A Fayzabad, la tecnica dei talebani è quella di incarcerare e punire prima e fare domande dopo; non c’è nessun giudice e nessun tribunale. Gli abitanti dei villaggi locali sono costretti a fornire il cibo. Non ci sono statistiche precise, ma sono migliaia gli afghani detenuti in questo modo.

«I talebani hanno fermato il veicolo e mi hanno arrestato», ha detto Naqibullah Momand, in viaggio verso la sua casa nella provincia di Kunduz l’anno scorso. «Mi hanno messo la mano sul cuore per controllare il mio battito cardiaco», ha detto il 26enne.
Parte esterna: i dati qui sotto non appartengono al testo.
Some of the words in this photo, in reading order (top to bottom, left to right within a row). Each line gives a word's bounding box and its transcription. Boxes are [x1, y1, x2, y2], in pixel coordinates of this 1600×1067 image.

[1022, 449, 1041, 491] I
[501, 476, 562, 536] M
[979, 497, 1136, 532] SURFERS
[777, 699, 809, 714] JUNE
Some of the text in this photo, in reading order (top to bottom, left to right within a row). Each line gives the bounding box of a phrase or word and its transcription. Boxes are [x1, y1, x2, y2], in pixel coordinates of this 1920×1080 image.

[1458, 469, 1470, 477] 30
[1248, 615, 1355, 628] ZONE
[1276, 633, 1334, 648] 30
Per i talebani, infatti, un battito rapido avrebbe indicato la colpa; il signor Momand si è costretto a mantenere la calma, ma ha comunque finito per passare 29 giorni chiuso in una casa di due stanze con altre 20 persone, dormendo su un tappeto sporco sul pavimento, una sola lampadina illuminata tutta la notte, prima che i suoi rapitori ammettessero che non era un membro dell’esercito afgano.
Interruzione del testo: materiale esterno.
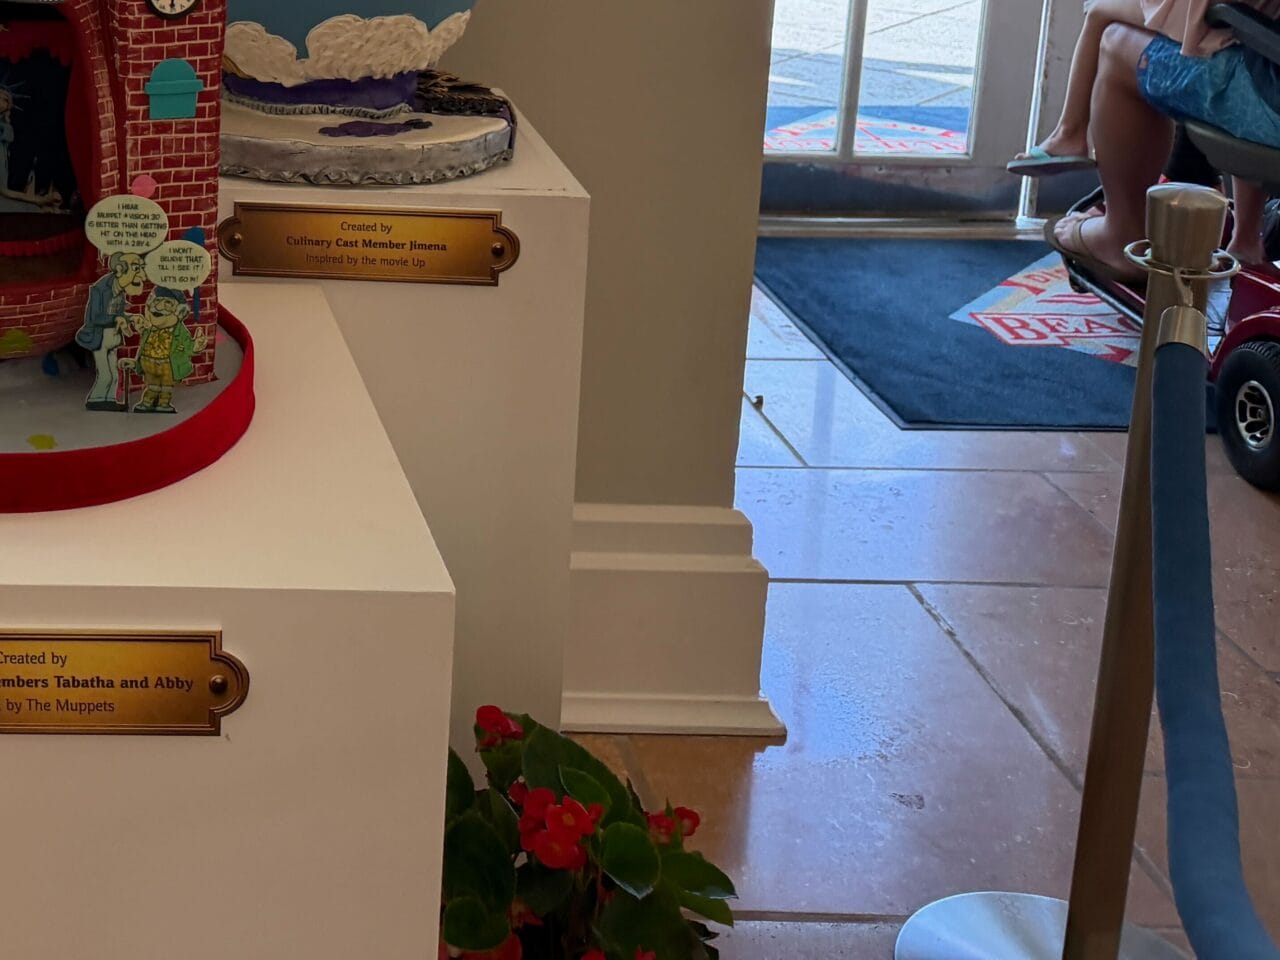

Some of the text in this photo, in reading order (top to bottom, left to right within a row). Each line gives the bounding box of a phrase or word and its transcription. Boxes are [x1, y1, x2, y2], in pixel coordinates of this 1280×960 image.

[340, 221, 392, 234] Created by
[286, 236, 447, 251] Culinary Cast Member Jimena
[306, 253, 426, 268] Inspired by the movie Up
[51, 652, 67, 667] by
[54, 675, 114, 689] Tabatha
[120, 676, 149, 689] and
[154, 676, 194, 691] Abby
[6, 698, 22, 714] by
[26, 698, 51, 711] The
[55, 699, 115, 715] Muppets
Per i comandanti locali, la moschea è un carcere ideale. «È un posto centrale del villaggio; inoltre è un posto in cui si è tenuti all’obbedienza» riferisce Ashley Jackson, co-direttrice del Centro per lo studio dei gruppi armati che ha studiato a lungo la giustizia talebana.

I tribunali talebani, particolarmente efficienti in tema di ferocia e disumanità, si sono guadagnati una certa reputazione e sono accolti con favore. Giudicano, inoltre, anche gli omicidi e le presunte infrazioni morali e religiose. Qui l’enfasi è sulla «punizione»; il sistema punitivo «si basa sulle percosse e su altre forme di tortura», ha affermato la ONG Human Rights Watch in un rapporto dell’anno scorso.
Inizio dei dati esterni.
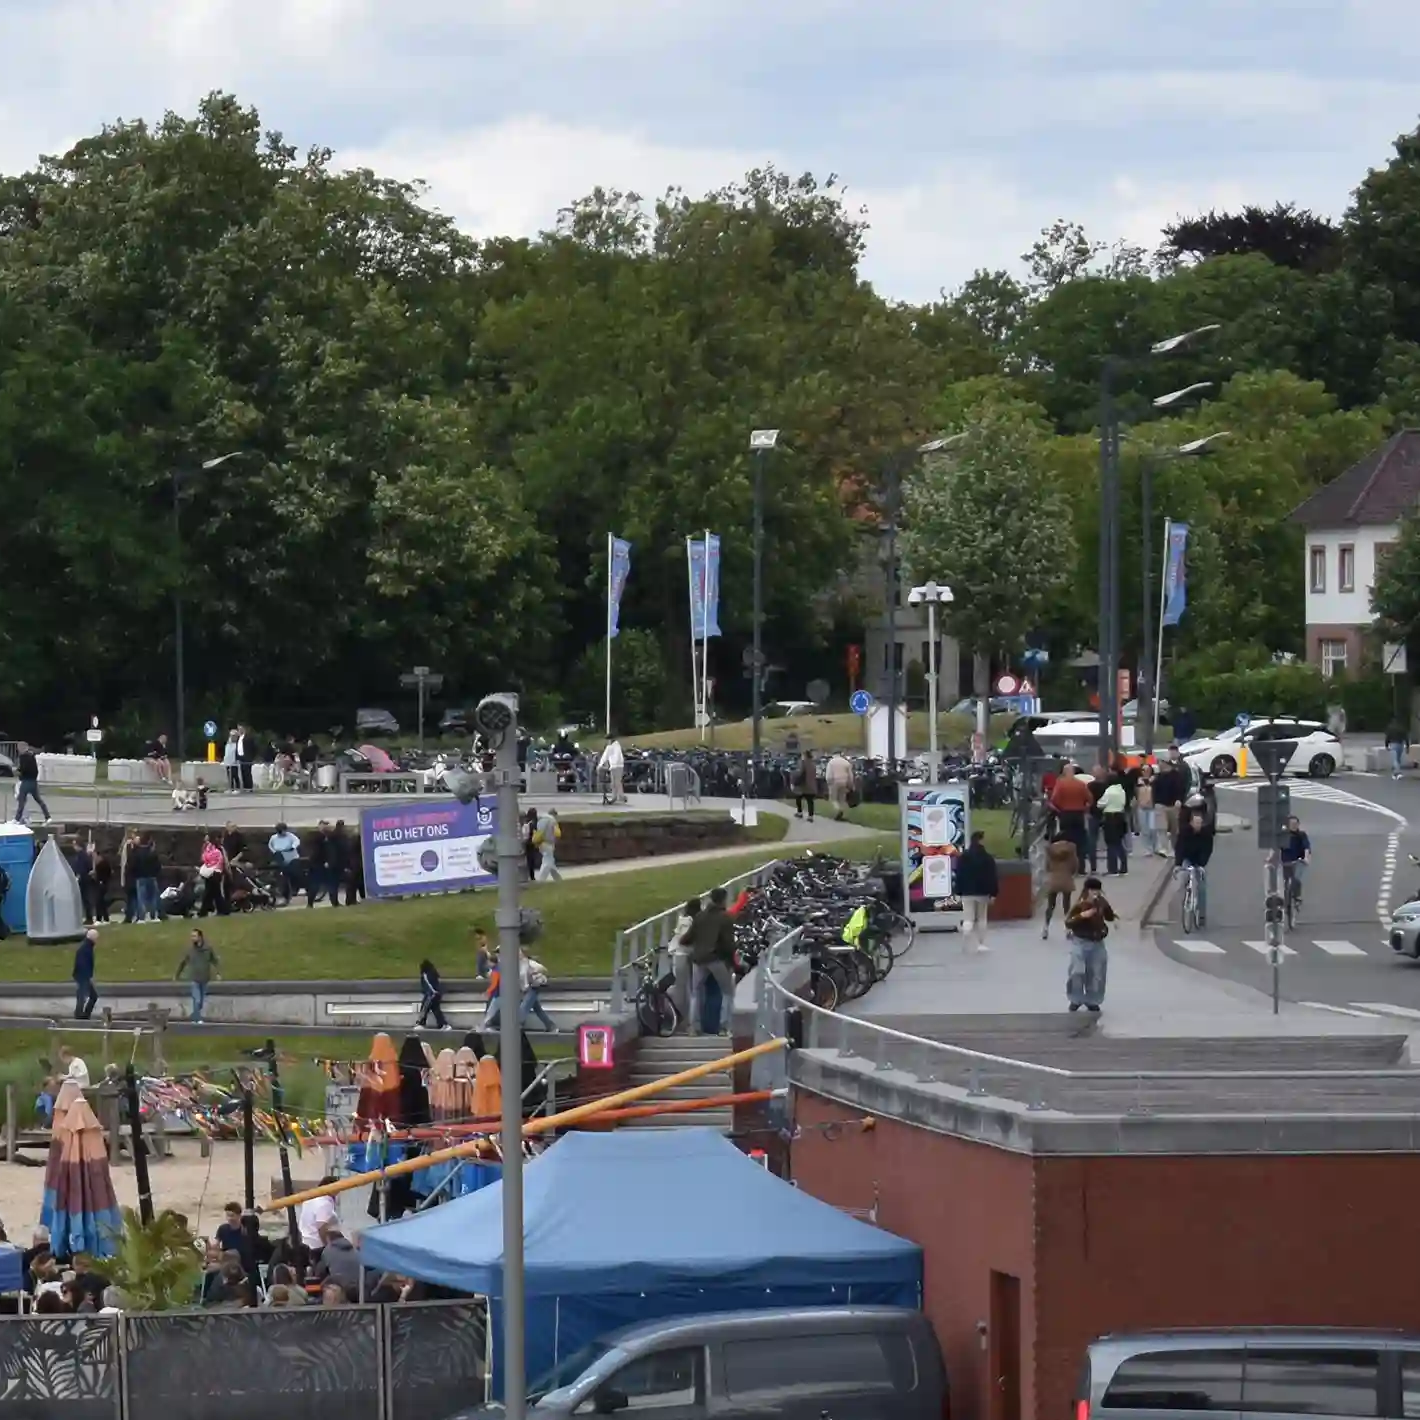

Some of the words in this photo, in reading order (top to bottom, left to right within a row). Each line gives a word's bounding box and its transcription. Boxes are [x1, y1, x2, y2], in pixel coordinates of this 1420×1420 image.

[373, 828, 402, 842] MELD
[404, 826, 425, 839] HET
[426, 823, 449, 837] ONS
I crimini percepiti come politici, come lavorare per il governo afgano o combattere per esso, abitano un universo diverso. Non ci sono tribunali per questi crimini. I comandanti talebani locali hanno l’autorità assoluta di arrestare chiunque ritengano sospetto.

La morte è la minaccia sempre presente e a volte inflitta, ma più spesso usata come una temibile merce di scambio per ottenere ciò che i talebani vogliono: denaro, uno scambio di prigionieri o una rinuncia al servizio del governo. Si verifica anche la deliberata, spesso lenta, messa a morte dei prigionieri. Convocato insieme agli anziani del villaggio per negoziare il rilascio di suo figlio in cambio di prigionieri talebani, il signor Mohammadi ha potuto vedere suo figlio tre volte durante la breve prigionia di Nasrullah. «Hanno cercato di farlo sedere. Ma continuava a cadere», ha ricordato il signor Mohammadi. I talebani gli hanno gridato: «Vedi cosa sta succedendo a tuo figlio?».

Il giorno dopo i talebani trasferirono Nasrullah in una casa in rovina. Al nono giorno aveva perso conoscenza. Era sporco, ricoperto di urina ed escrementi. I suoi rapitori hanno permesso al signor Mohammadi di lavarlo con acqua fredda, ma era troppo tardi. «Stava morendo – ha detto il padre -L’ultima volta che l’ho visto era nel cortile della casa distrutta». Dopo la morte di suo figlio, i talebani lo tormentarono. «Perchè non piangi? mi hanno chiesto. Ho detto loro: non voglio piangere davanti agli alberi e alle pietre», ha detto il signor Mohammadi. «Ho pianto da solo».

Fonte: Adam Nossiter, New York Times, “I wake up and scream”.